This commit introduces **new evaluation metrics** for multi-turn agent interactions: **Multi-Turn Trajectory Quality V1** and **Multi-Turn Tool Use Quality V1**. These **new capabilities** enhance the `google.adk.evaluation` framework by providing a more granular assessment of agent performance. The **Multi-Turn Trajectory Quality V1** metric evaluates the *path* an agent takes to achieve a goal, distinct from just overall task success, while the **Multi-Turn Tool Use Quality V1** metric assesses the effectiveness and appropriateness of tool usage, delegating to the Vertex Gen AI Eval SDK. This integration provides a deeper understanding of agent behavior in complex, multi-step scenarios.

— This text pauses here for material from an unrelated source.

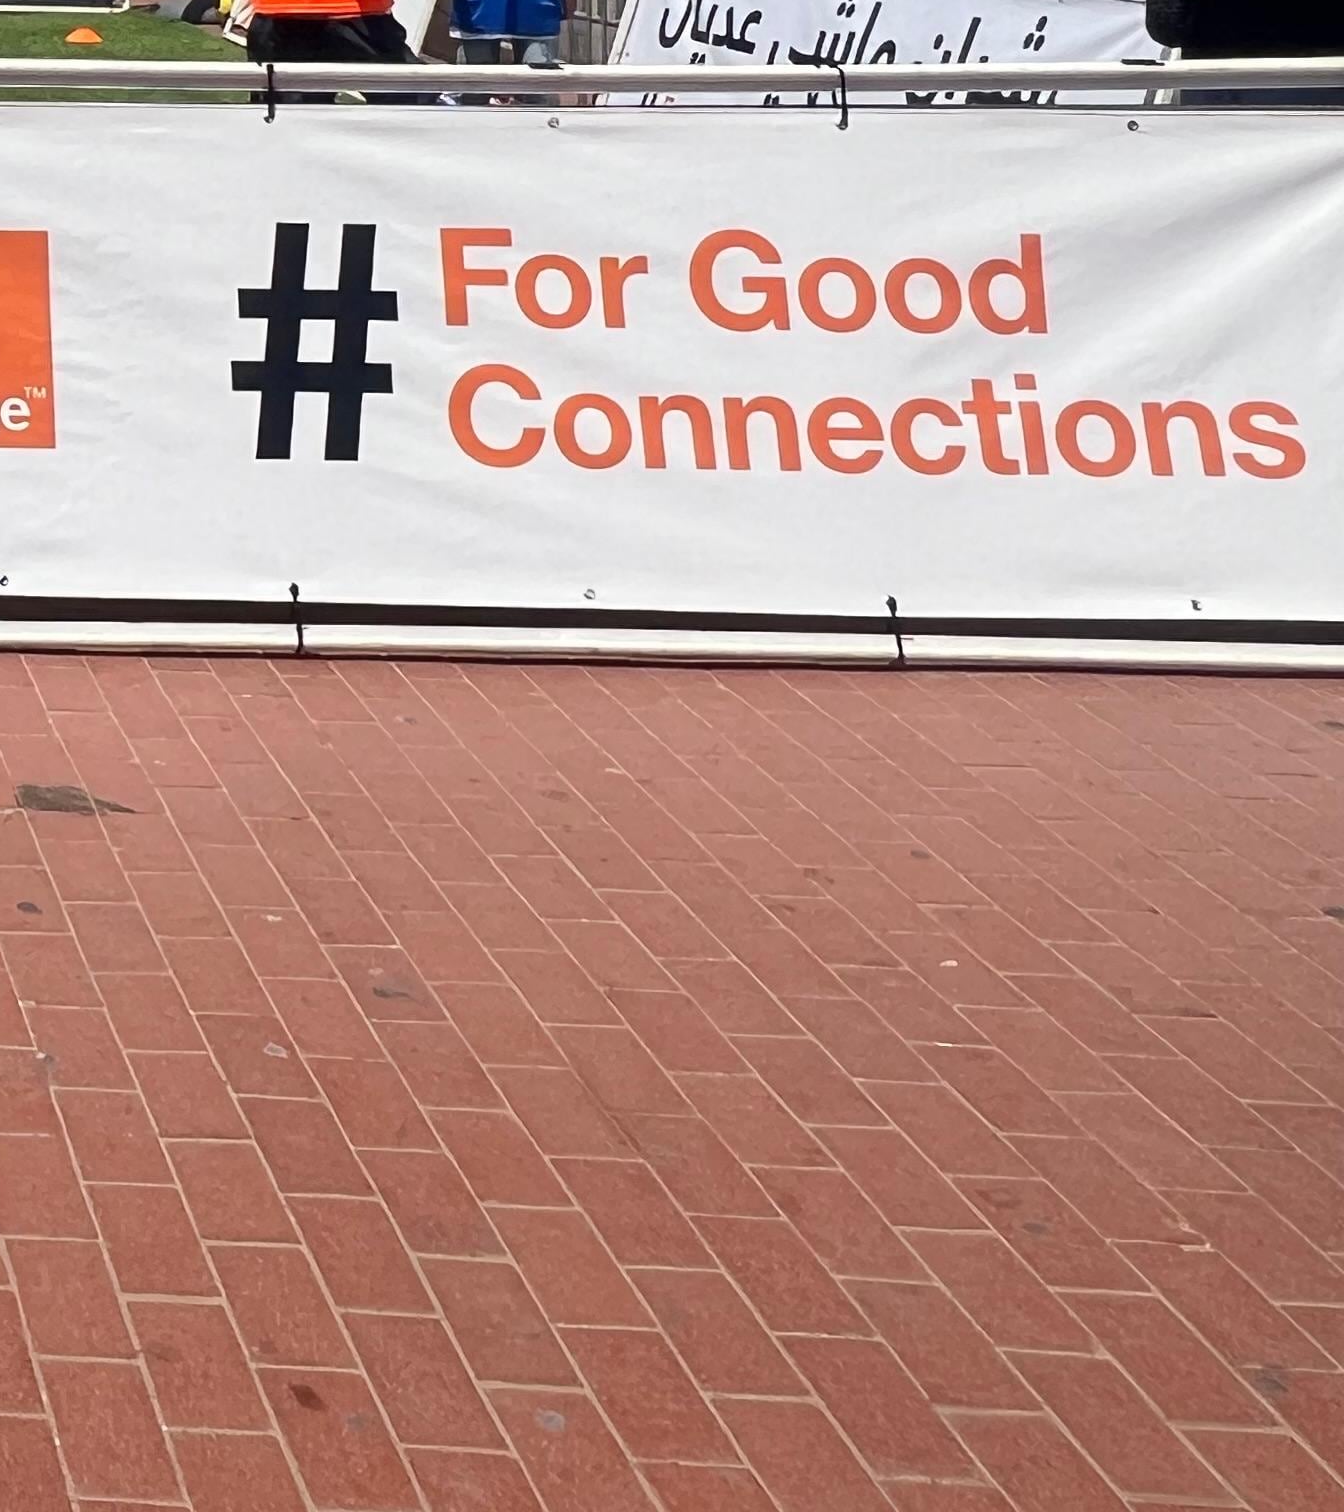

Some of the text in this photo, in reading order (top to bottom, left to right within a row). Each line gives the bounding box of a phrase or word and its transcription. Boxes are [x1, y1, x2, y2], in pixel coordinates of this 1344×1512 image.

[230, 222, 1050, 462] # For Good
[447, 363, 1307, 480] Connections

This commit introduces a **new capability** to evaluate **multi-turn task success** within the `google.adk.evaluation` module. A new `MultiTurnTaskSuccessV1Evaluator` is added, which delegates the evaluation responsibility to the **Vertex Gen AI Eval SDK** for assessing multi-turn conversations. This involves updating the metric registry and info providers, and implementing a dedicated `_MultiTurnVertexiAiEvalFacade` to manage the interaction with the external SDK for multi-turn scenarios. This enhancement provides a robust method for evaluating the end-to-end success of conversational AI agents across multiple turns.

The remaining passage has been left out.